--- Task details ---
Output the listing word for word, minus images.

--- Study material ---
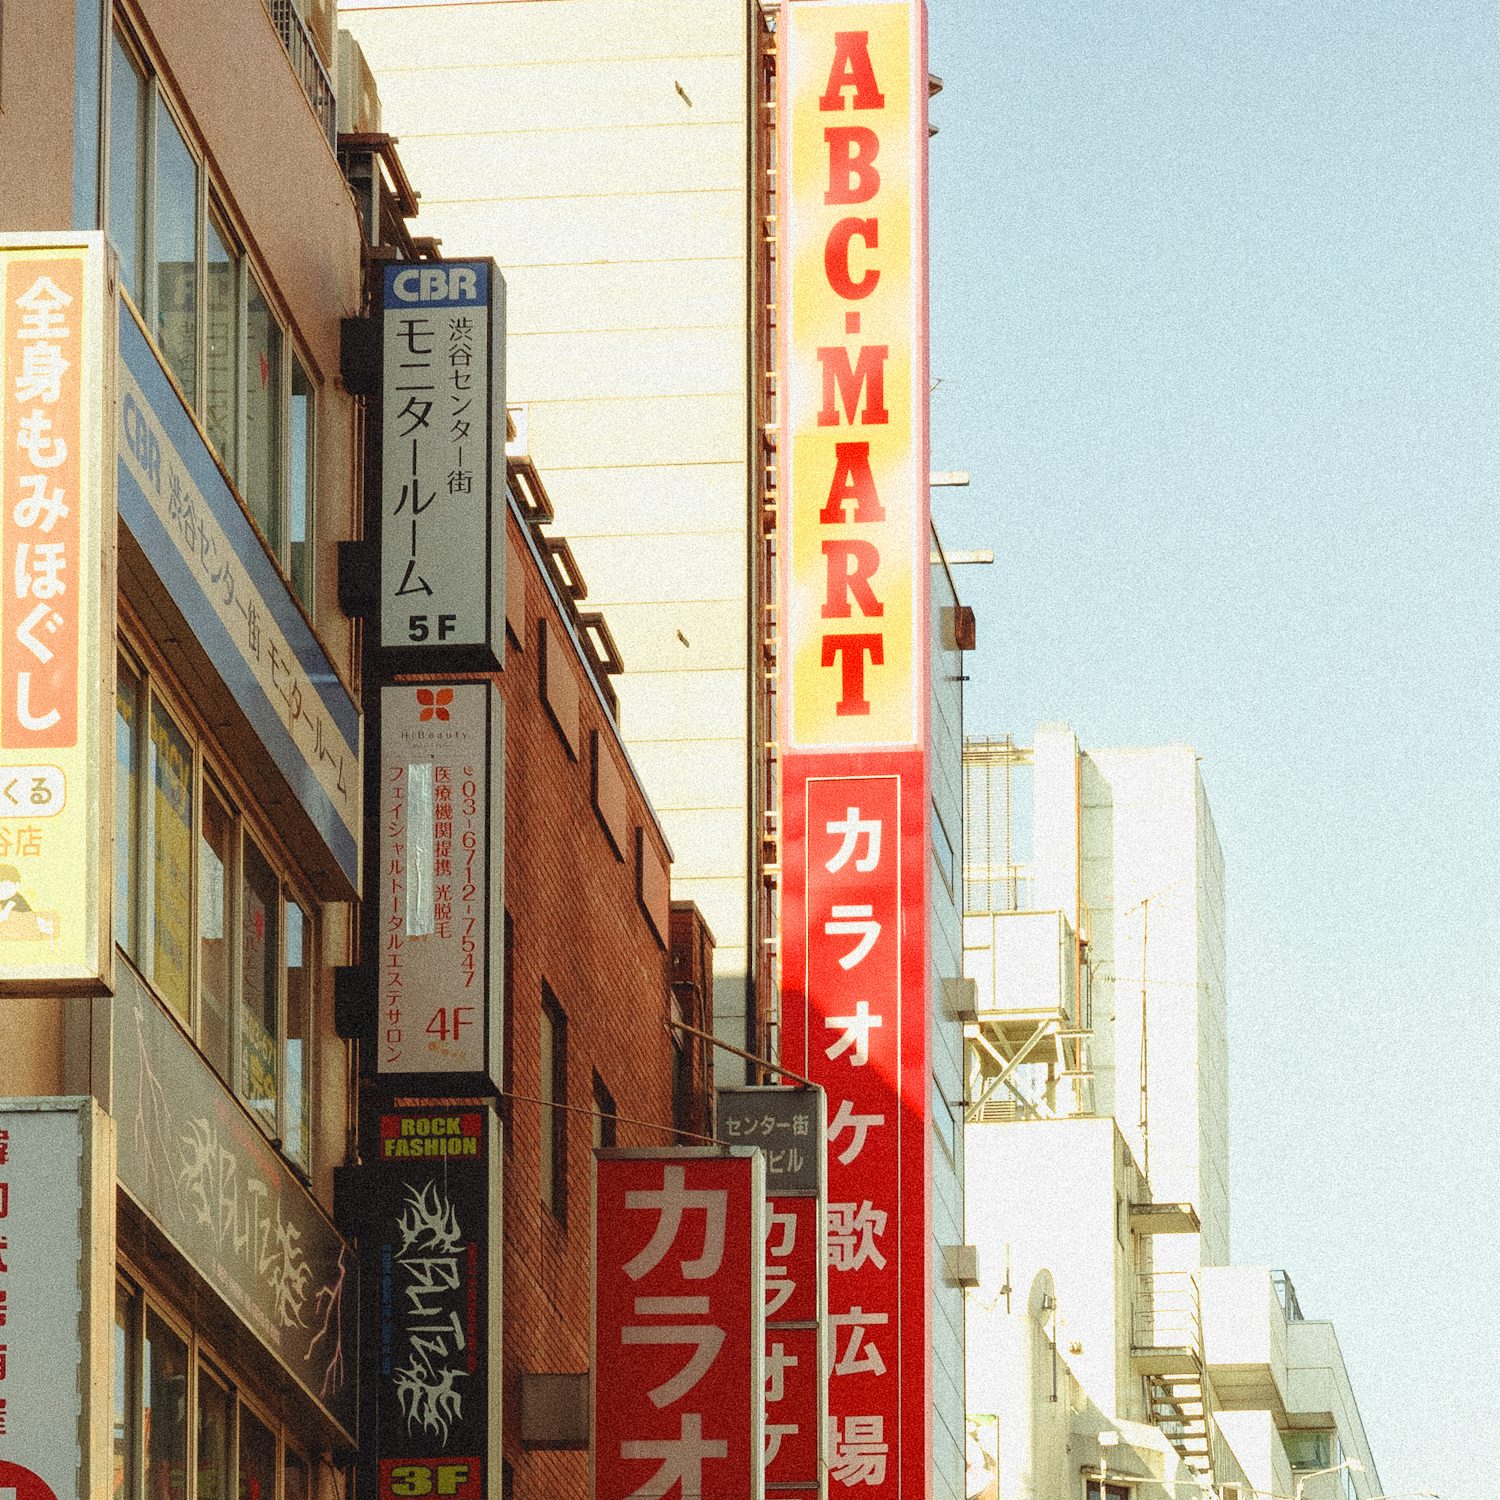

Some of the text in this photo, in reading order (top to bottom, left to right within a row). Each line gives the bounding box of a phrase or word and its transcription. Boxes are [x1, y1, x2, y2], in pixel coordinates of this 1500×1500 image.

[393, 269, 477, 301] CBR
[446, 318, 473, 494] 渋谷センター街
[817, 31, 888, 716] ABC-MART
[14, 275, 73, 731] 全身もみほぐし
[394, 319, 436, 597] モニタールーム
[123, 392, 348, 800] CBR 渋谷センター街 モニタールーム
[434, 767, 452, 939] 医療機関提携 光脱毛
[425, 1006, 475, 1041] 4F
[384, 1137, 478, 1158] FASHION
[400, 1116, 462, 1136] ROCK
[726, 1112, 810, 1140] センター街
[391, 1463, 468, 1497] 3F
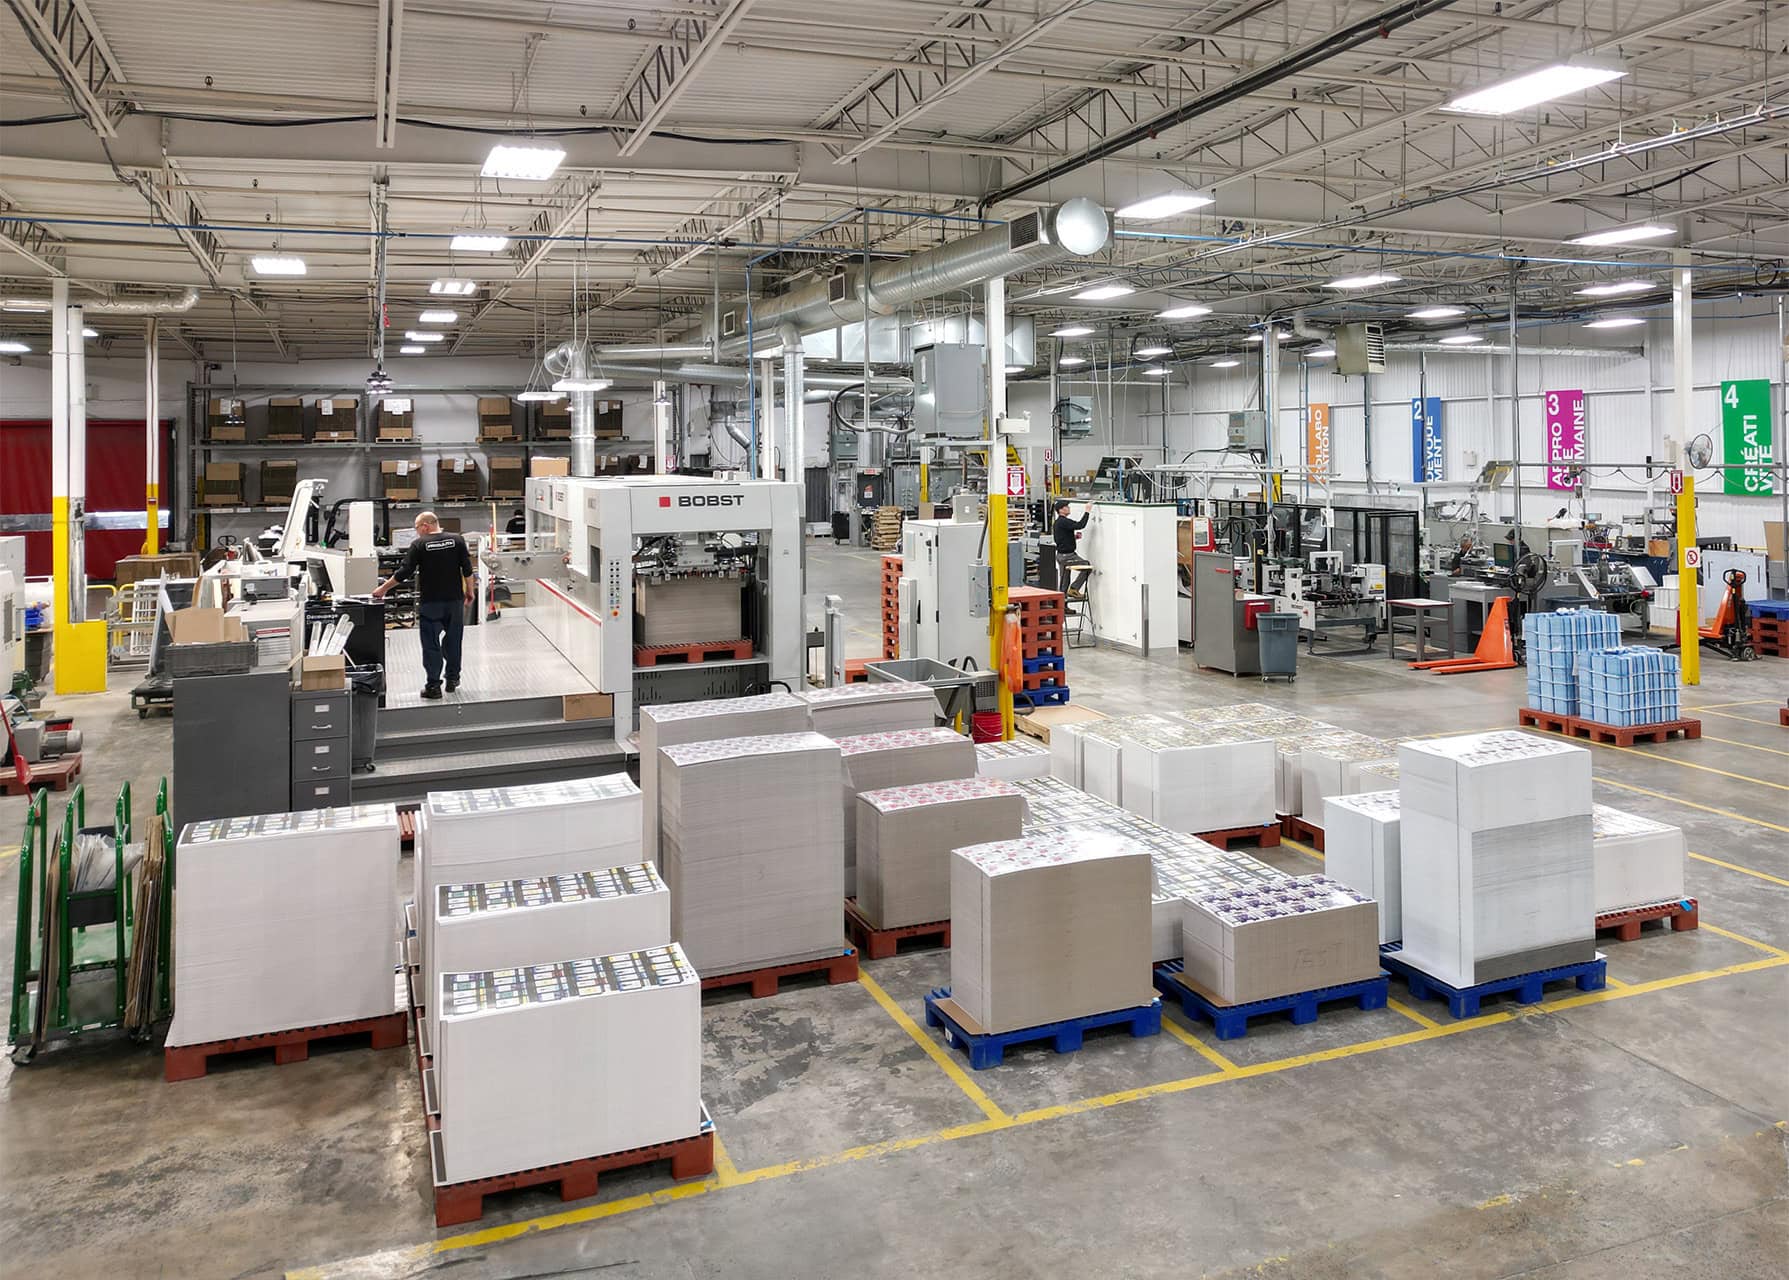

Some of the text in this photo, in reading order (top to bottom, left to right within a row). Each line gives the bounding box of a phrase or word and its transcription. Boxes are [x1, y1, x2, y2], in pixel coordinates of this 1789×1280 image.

--- Answer to this problem ---
Some of the text in this photo, in reading order (top to bottom, left to right within a row). Each line gives the bounding box of a phrase or word and its transcription. Boxes are [x1, y1, x2, y2], in pixel coordinates of this 1500×1500 image.

[393, 269, 477, 301] CBR
[446, 318, 473, 494] 渋谷センター街
[817, 31, 888, 716] ABC-MART
[14, 275, 73, 731] 全身もみほぐし
[394, 319, 436, 597] モニタールーム
[123, 392, 348, 800] CBR 渋谷センター街 モニタールーム
[434, 767, 452, 939] 医療機関提携 光脱毛
[425, 1006, 475, 1041] 4F
[384, 1137, 478, 1158] FASHION
[400, 1116, 462, 1136] ROCK
[726, 1112, 810, 1140] センター街
[391, 1463, 468, 1497] 3F

Some of the text in this photo, in reading order (top to bottom, left to right within a row). Each line gives the bounding box of a phrase or word and its transcription. Boxes are [x1, y1, x2, y2], in pixel coordinates of this 1789×1280 image.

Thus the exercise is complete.